Scomparso ventotto anni fa, Isacc Asimov ha dato un contributo fondamentale alla storia della fantascienza, in un futuro, dove dominano scienziati e robot, ma sempre con un pizzico di ottimismo.
Isaac Asimov nacque il 2 gennaio 1920 a Petroviči, in Russia, da Anna Rachel Berman e Judah Ozimov, che emigrarono negli Stati Uniti pochi anni dopo, stabilendosi nella parte est di New York, a Brooklyn.
Il padre di Isaac gestiva un negozio di giornali e caramelle e il figlio cominciò a interessarsi agli affari di famiglia, ma fin da subito manifestò un interesse per l’arte dello scrivere.
Entrato alla Columbia University; Asimov conseguì il Bachelor of Science nel 1939, poi ottenne il dottorato di ricerca e la laurea magistrale nello stesso campo e nel 1949 iniziò un periodo di lavoro presso la Boston University School of Medicine, dove fu assunto come professore associato di biochimica nel 1955, per poi diventare professore universitario solo verso la fine degli anni Settanta.
Nonostante le impeccabili credenziali accademiche Isacc aveva un profondo interesse per la scrittura, pubblicò numerose opere di ricerca e di divulgazione scientifica, ma è noto soprattutto per i racconti e i romanzi di fantascienza tecnologica.
Il primo racconto di Asimov, Naufragio al largo di Vesta, fu pubblicato sulla rivista Amazing Stories nel 1938 e nel 1950 pubblicò il romanzo Paria dei cieli, il primo di una serie di titoli che sono parte della storia della fantascienza, come Io, Robot (1950), una raccolta di racconti sulle relazioni tra gli esseri umani e i prodotti tecnologici, con le note tre leggi della robotica.
Nel 1951 lo scienziato pubblicò Cronache della galassia, sulla fine dell’Impero Galattico e presentò il metodo statistico per prevederne gli esiti, conosciuto come psicostoria, poi uscirono Il crollo della galassia centrale (1952) e L’altra faccia della spirale (1953) che introdussero la figura del Mulo, mutante dotato di poteri straordinari che riesce a mettere in difficoltà l’Impero e la Fondazione.
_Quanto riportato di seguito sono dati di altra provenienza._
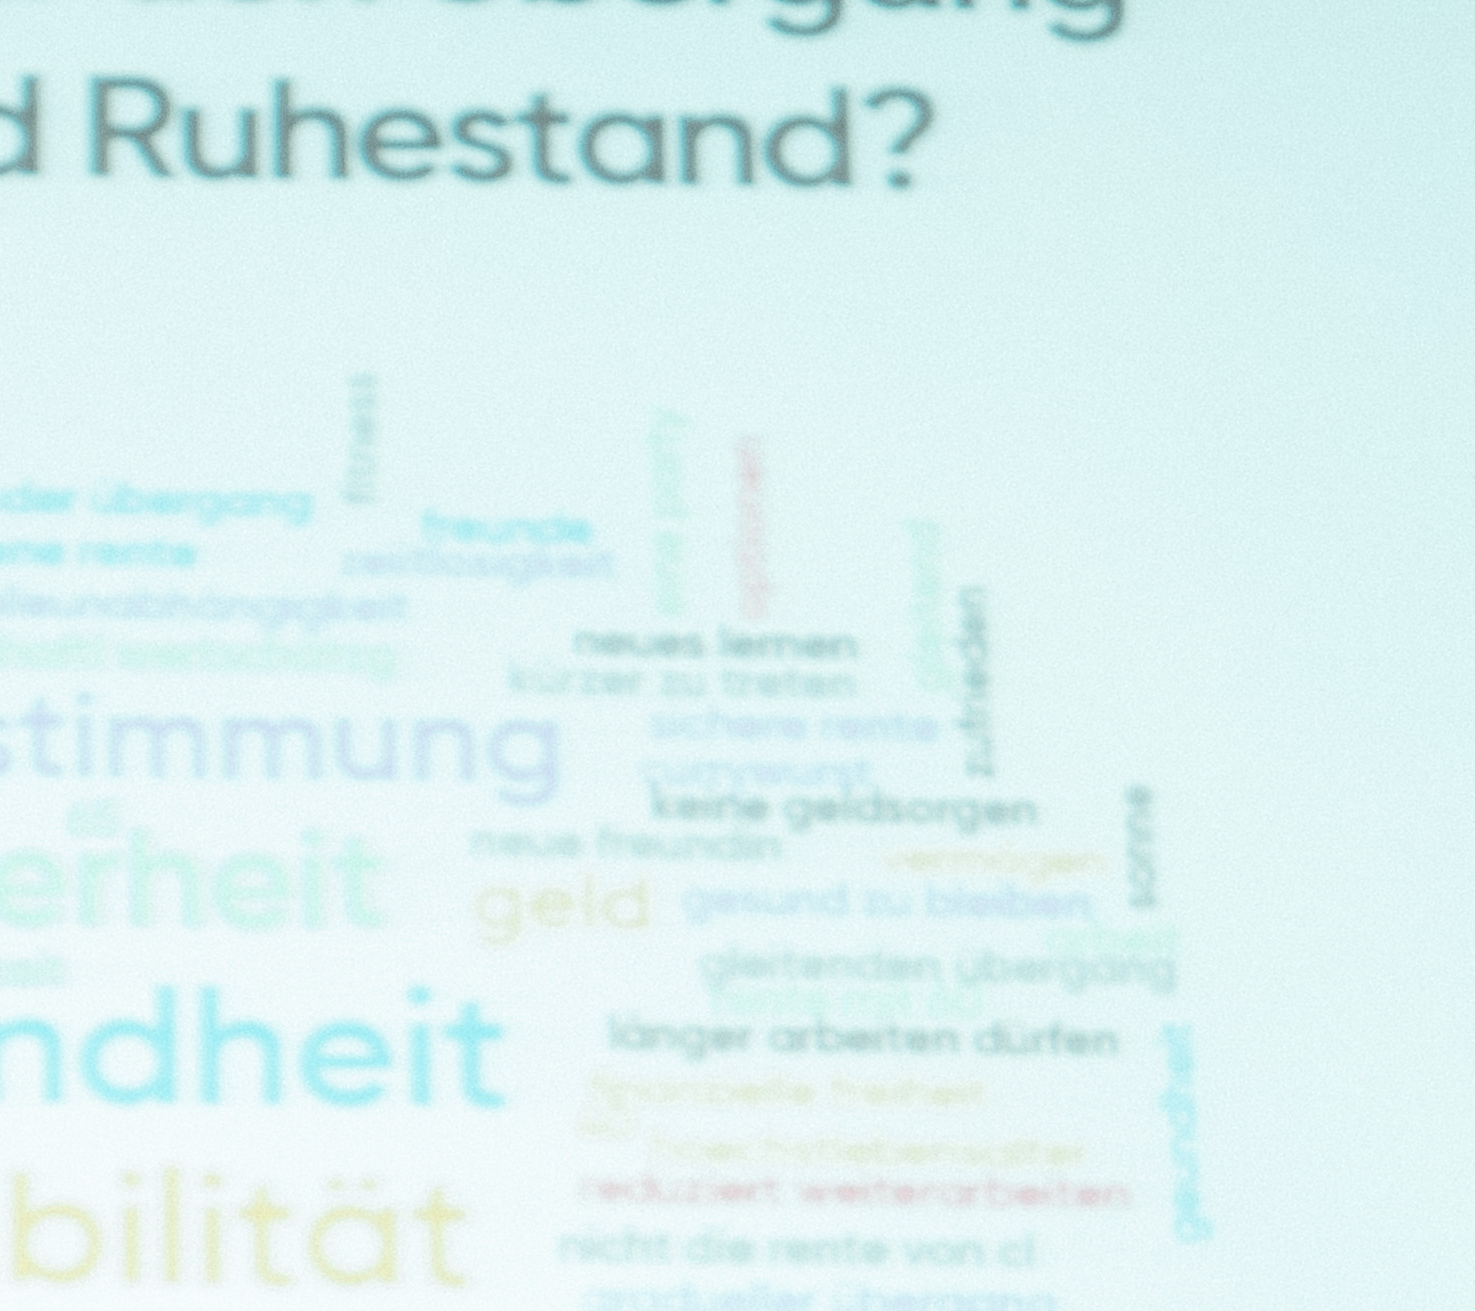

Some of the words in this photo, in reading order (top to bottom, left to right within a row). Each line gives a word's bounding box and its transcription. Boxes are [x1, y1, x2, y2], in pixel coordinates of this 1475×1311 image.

[84, 77, 939, 193] Ruhestand?
[87, 476, 314, 528] übergang
[419, 508, 593, 546] freunde
[75, 539, 198, 569] rente
[570, 629, 705, 660] neues
[716, 625, 861, 661] lernen
[660, 668, 707, 698] zu
[719, 666, 858, 698] treten
[649, 782, 771, 821] keine
[781, 786, 1040, 834] geldsorgen
[469, 830, 584, 860] neue
[594, 826, 785, 862] freundin
[472, 871, 651, 948] geld
[680, 885, 848, 925] gesund
[860, 889, 913, 919] zu
[925, 885, 1093, 922] bleiben
[697, 945, 942, 990] gleitenden
[953, 948, 1178, 997] übergang
[605, 1012, 755, 1063] länger
[765, 1017, 962, 1056] arbeiten
[971, 1017, 1123, 1059] dürfen
[576, 1174, 779, 1204] reduziert
[798, 1178, 1134, 1209] weiterarbeiten
[557, 1228, 671, 1268] nicht
[681, 1230, 757, 1268] die
[766, 1233, 890, 1269] rente
[900, 1238, 988, 1270] von
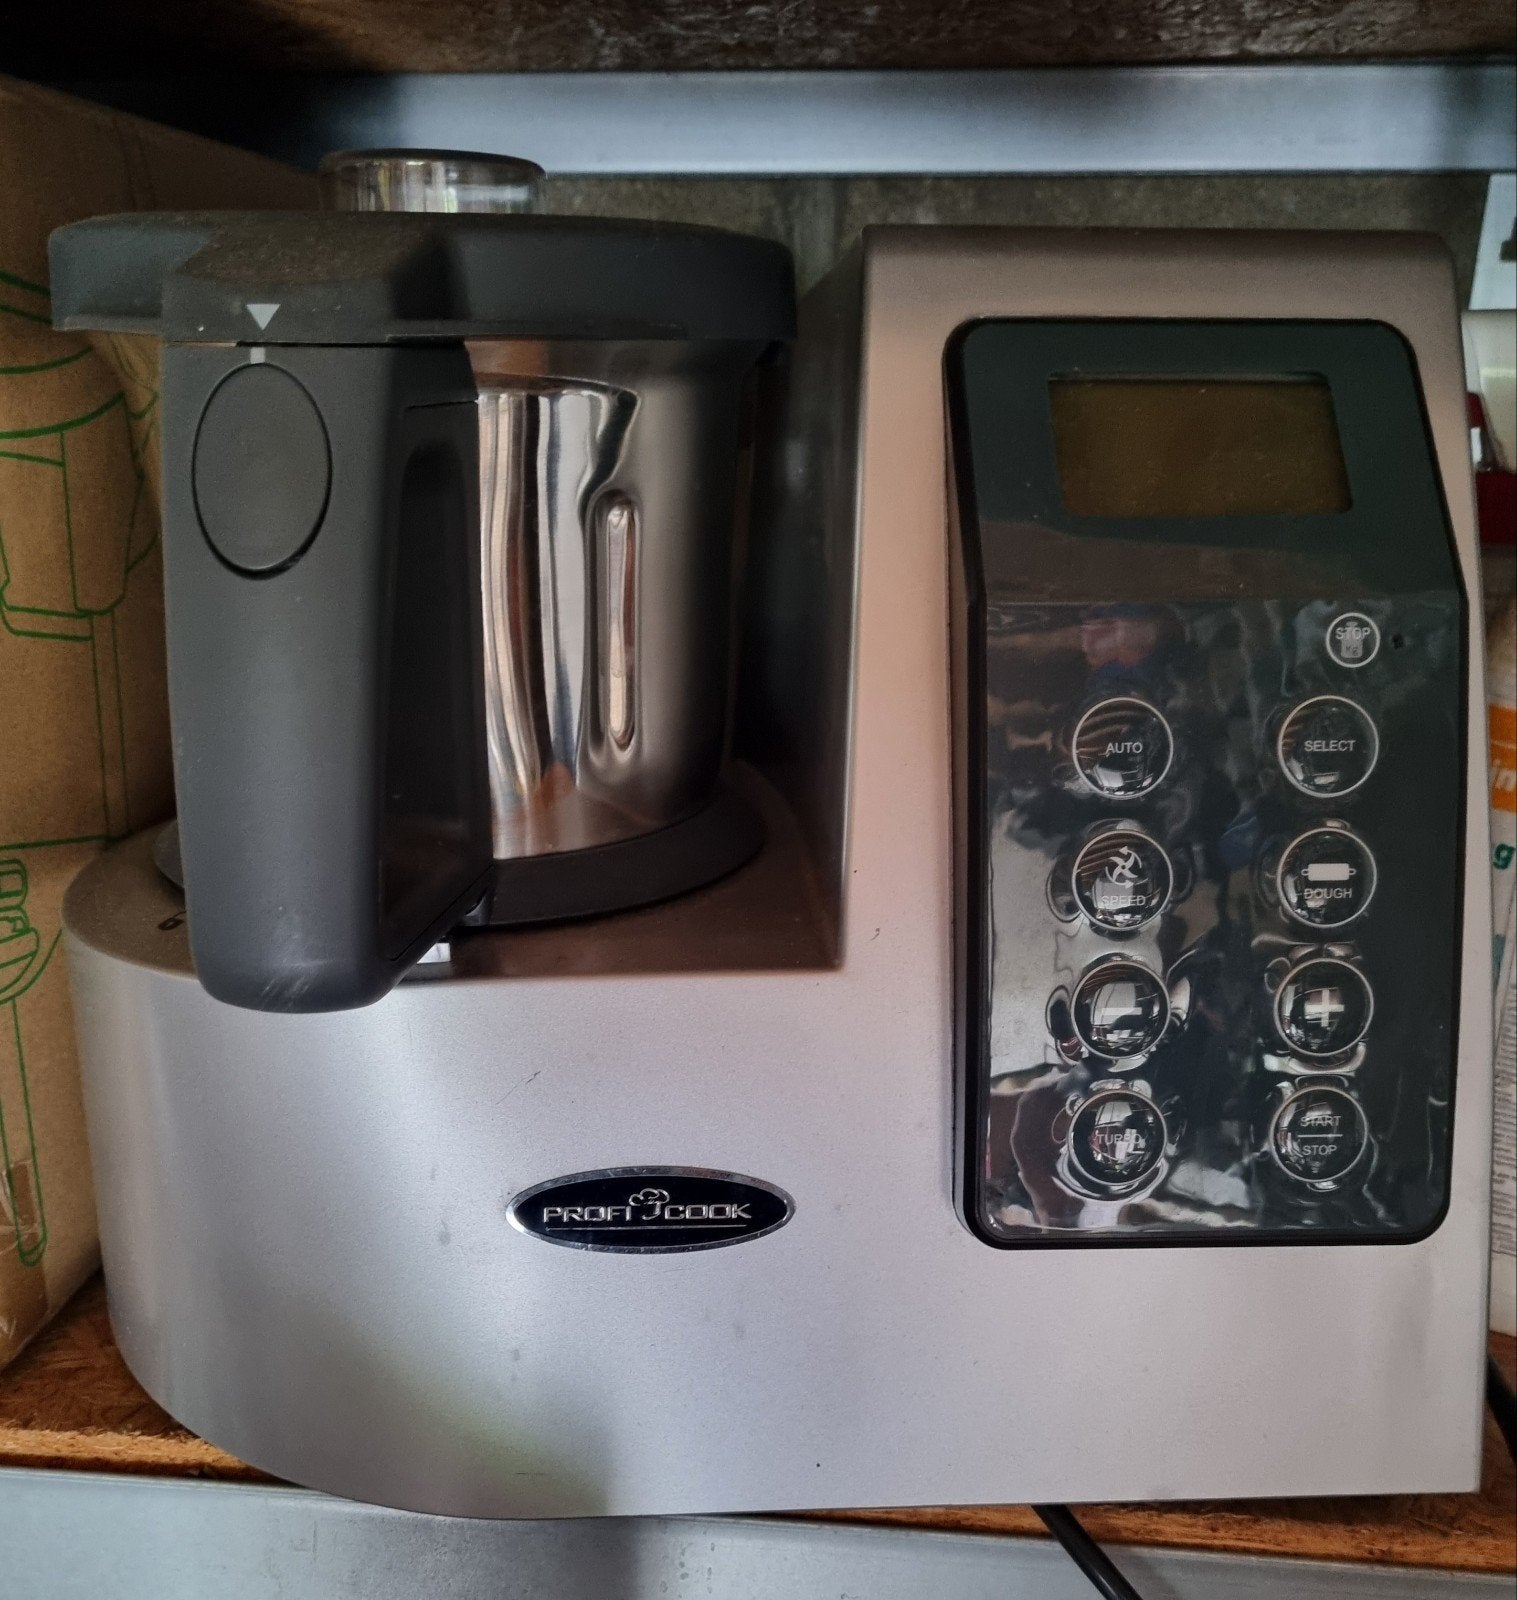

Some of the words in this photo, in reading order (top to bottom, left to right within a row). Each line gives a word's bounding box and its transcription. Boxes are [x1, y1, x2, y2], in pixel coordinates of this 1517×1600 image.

[1105, 741, 1143, 754] AUTO
[1304, 740, 1355, 753] SELECT
[1303, 888, 1352, 900] DOUGH
[1101, 895, 1146, 907] SPEED
[1299, 1115, 1341, 1127] START
[1303, 1144, 1338, 1156] STOP
[545, 1207, 631, 1223] PROFI
[664, 1203, 752, 1220] COOK
Poi Asimov nel 1952 pubblicò le Correnti dello spazio, nel 1953 l’antologia La terra è abbastanza grande, nel 1959 Nine Tomorrows, nel 1960 Il regno del sole, nel 1964 Il secondo libro dei robot e nel 1972 Neanche gli dei, dove dava una forte tensione narrativa a una materia scientifica.
Ma Isaac Asimov scrisse libri su soggetti come l’astronomia, la biologia, la matematica, la religione e la biografia letteraria, tra i quali il giallo Rompicapo in quattro giornate (1976), Opus 200 (1979), l’autobiografia In Memory Yet Green (1979) e In joy still felt (1980).
Durante la sua lunga carriera, Asimov ha vinto diversi Premi Hugo, conferiti durante la World Science Fiction Convention, e vari Premi Nebula, attribuiti dalla Science Fiction and Fantasy Writers of America, oltre a molti riconoscimenti da parte d’importanti istituzioni scientifiche.
Isaac Asimov morì a New York il 6 aprile del 1992, all’età di 72 anni, a causa di un cedimento del cuore e dell’insufficienza renale, come conseguenza dell’Aids, contratto a causa di una trasfusione di sangue durante un intervento chirurgico di bypass.